Renewable and sustainable energies such as wind power generation are increasingly integrated into electric grids due to their various technical, environmental, and economic advantages. However, these resources impose more uncertainties on the power system in addition to the uncertainty of load demands. These uncertainties and correlations among them confront operation decisions with serious challenges.In this paper, a new multi-objective probabilistic approach is proposed for smart voltage control of wind energy-integrated systems through tap adjustment of power transformers and voltage regulation of generators. The objectives include improving voltage stability margin, voltage profile improvement, and power loss reduction in the presence of wind and demand uncertainties. A data clustering algorithm is employed to handle the uncertainty of the random input variables, and a Cholesky decomposition method is used for modeling the correlation between them. The proposed multi-objective optimization is solved using NSGA-II. The power system has been modeled in DIgSILENT-Powerfactory linked with MATLAB, where the NSGA-II is programmed.

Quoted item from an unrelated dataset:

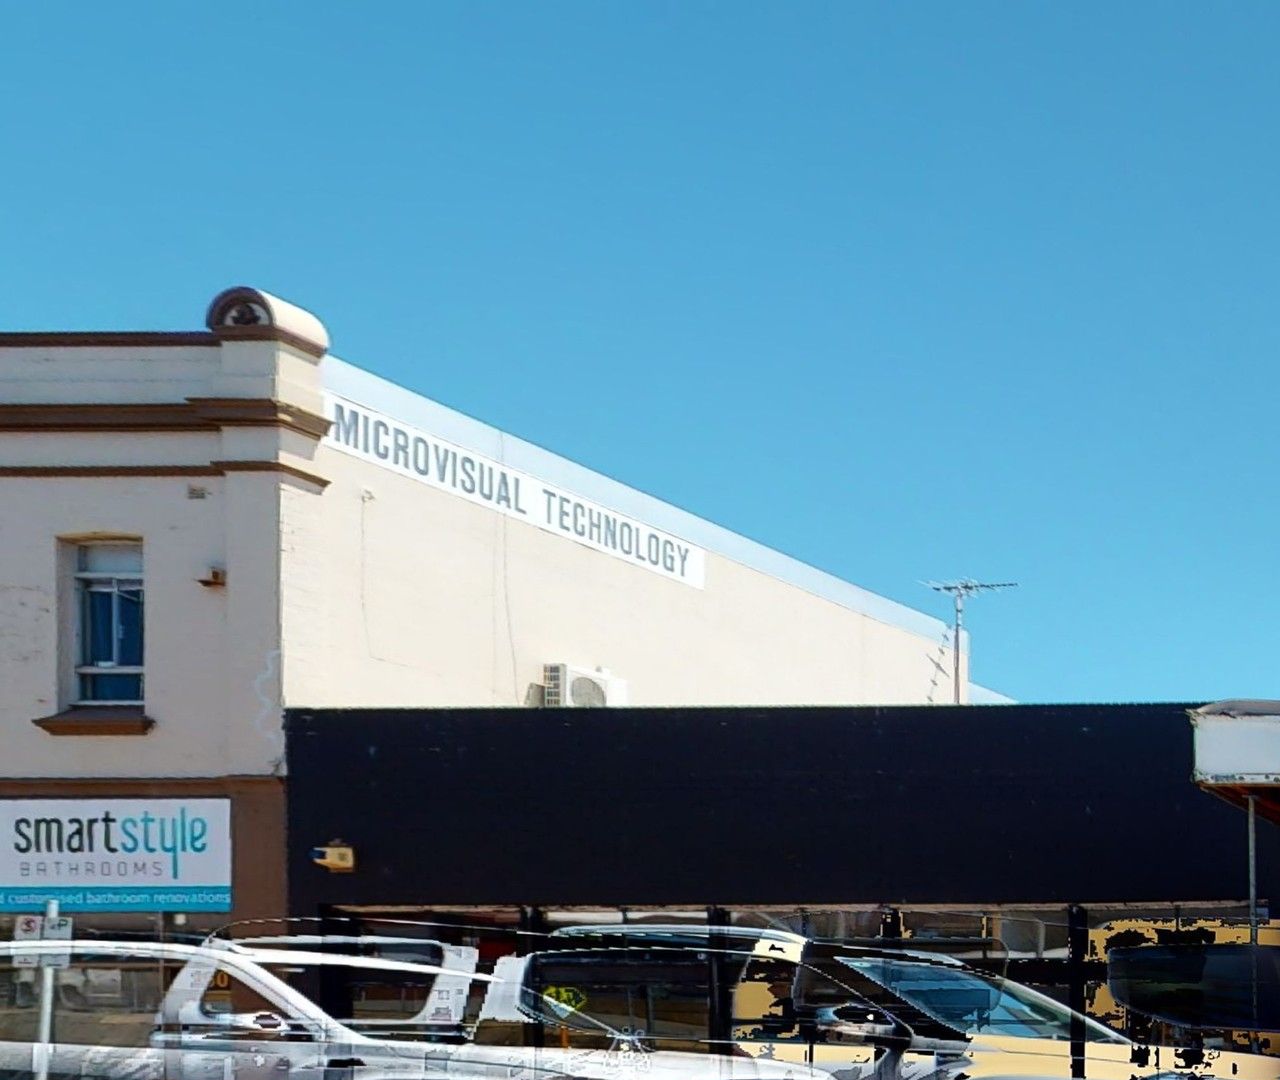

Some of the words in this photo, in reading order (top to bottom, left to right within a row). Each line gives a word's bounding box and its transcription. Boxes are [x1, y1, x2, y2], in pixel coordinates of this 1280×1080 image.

The IEEE 14-bus system has been employed to evaluate the performance of the conducted approach. The results demonstrate the effectiveness of the proposed approach in decreasing the losses, increasing the voltage stability margin, and improving the voltage profile of wind-energy-integrated power systems.

Automated summary

In this study, a new multi-objective probabilistic approach is proposed for smart voltage control of wind energy-integrated systems through tap adjustment of power transformers and voltage regulation of generators. By handling the uncertainty of random input variables and modeling their correlation, it is possible to improve the voltage stability margin, voltage profile, and power loss reduction in wind-energy-integrated power systems.